* Work item: Below are records to retype exactly, except for the pictures.

* Materials provided:

*** Begin section ***

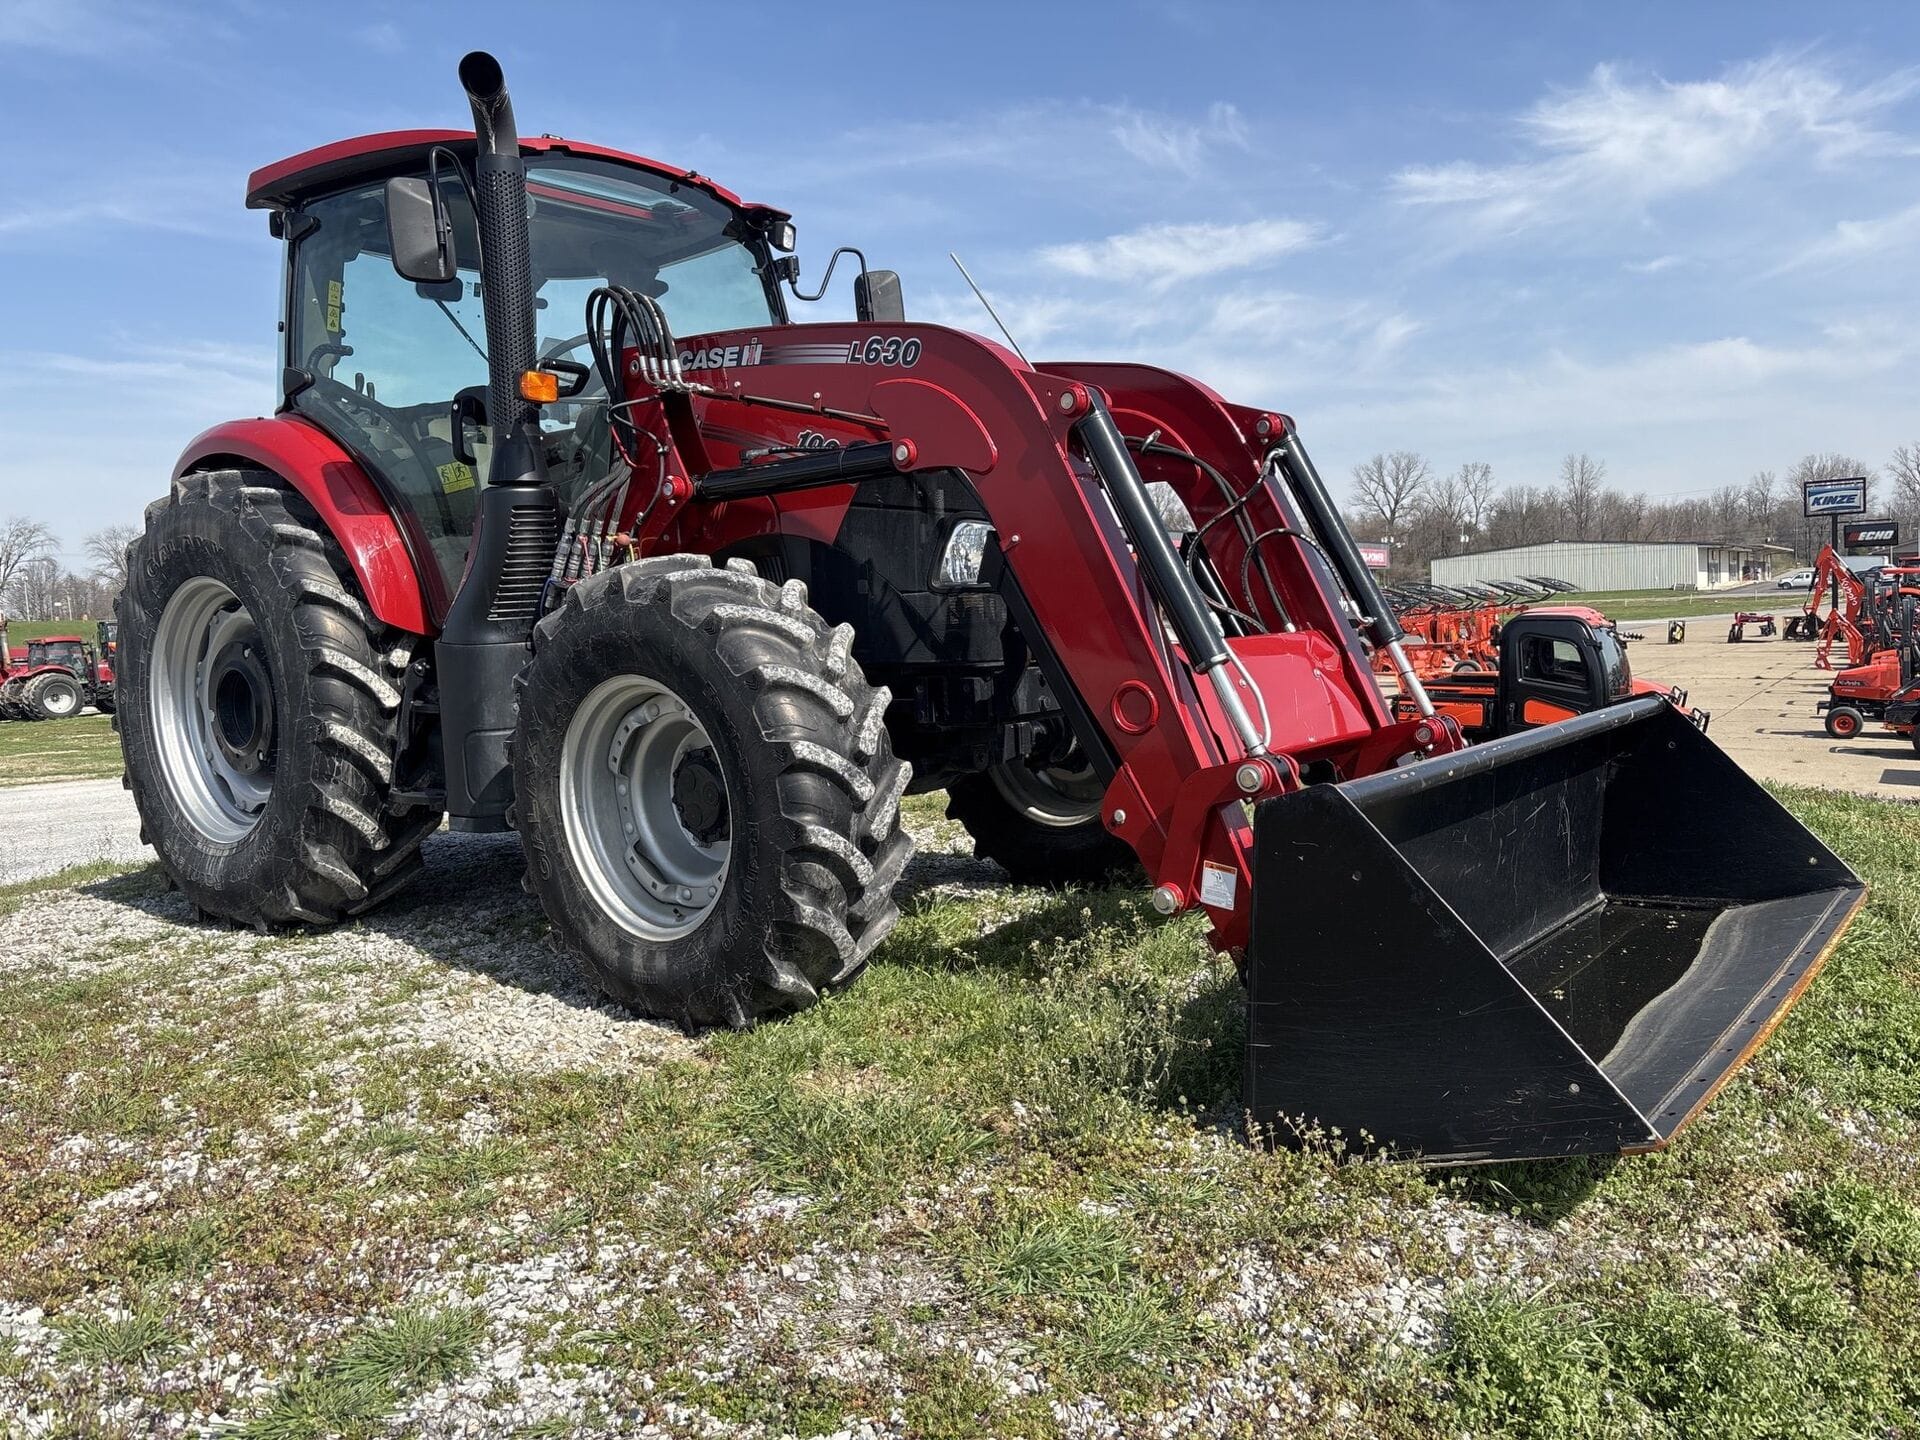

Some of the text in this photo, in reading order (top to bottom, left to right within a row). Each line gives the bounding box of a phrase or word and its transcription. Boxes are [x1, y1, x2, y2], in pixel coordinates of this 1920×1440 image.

[679, 347, 740, 371] CASE
[847, 335, 922, 368] L630
[1811, 494, 1858, 506] KINZE
[1858, 530, 1895, 541] ECHO
[1841, 577, 1858, 606] Kubota

*** End section ***

* The completed task:
Some of the text in this photo, in reading order (top to bottom, left to right within a row). Each line gives the bounding box of a phrase or word and its transcription. Boxes are [x1, y1, x2, y2], in pixel coordinates of this 1920×1440 image.

[679, 347, 740, 371] CASE
[847, 335, 922, 368] L630
[1811, 494, 1858, 506] KINZE
[1858, 530, 1895, 541] ECHO
[1841, 577, 1858, 606] Kubota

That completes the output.